‘There, that’s the one.’ Grandmother was pointing at an old building, smiling.
‘It was the largest store you’d ever seen,’ she continued, ‘in those days.’ She stared at the old black and white photograph, a newspaper clipping. ‘There used to be a whole wall full of glass jars. They were all filled with candy, in all the colours of the rainbow.’
Her eyes sparkled. Her old joints seemed a little more supple as she gestured around the living room, pointing at the jars only she could see, naming all the different sweets she remembered.
‘But of course we didn’t have the money to buy sweets. We didn’t even have enough to buy what we needed. I never wore clothes that weren’t Missy’s and Cissy’s first.’ She let out a sigh.

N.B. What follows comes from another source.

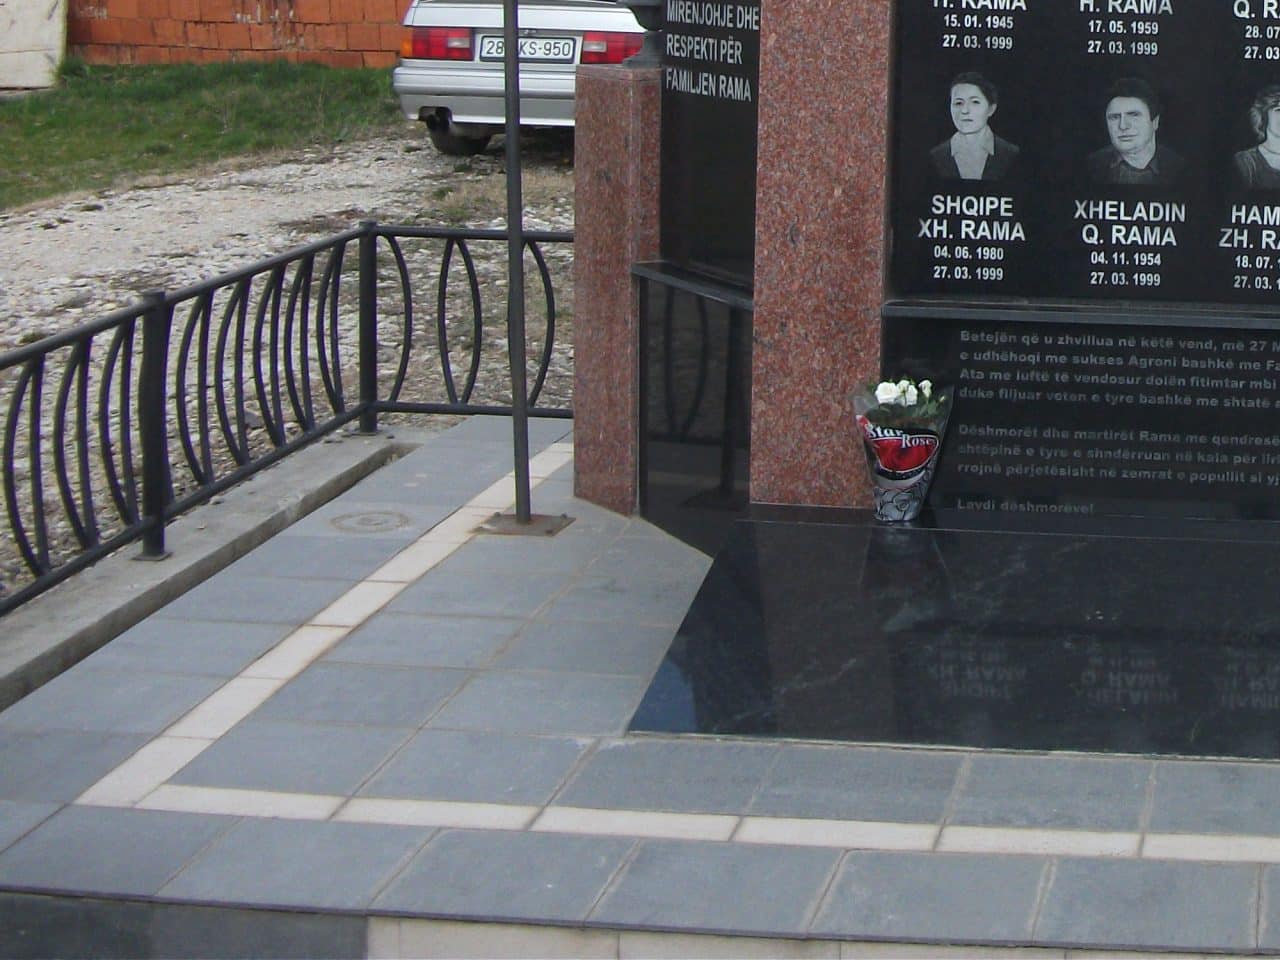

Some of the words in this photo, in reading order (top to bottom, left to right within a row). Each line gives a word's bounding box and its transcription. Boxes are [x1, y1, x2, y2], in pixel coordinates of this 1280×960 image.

‘So when we were sent out stealing, we made a pact: never to rob this store. Not the one with the colourful candy jars. And we never did.’
* * *
The piece received an Honourable Mention, here's what the judges said:
The candy store that grandmother described in this story was brought to life, and while reading it, you could see the brightly colored candy and smell the sugar wafting through the air as you walked the aisles. We also felt the challenge that she and her sisters faced – living in a world where there was just never enough unless they were willing to take what belonged to others. But even in darkness, there are still the glimpses of light from the candy store, and you could feel what that meant to three little girls so long ago.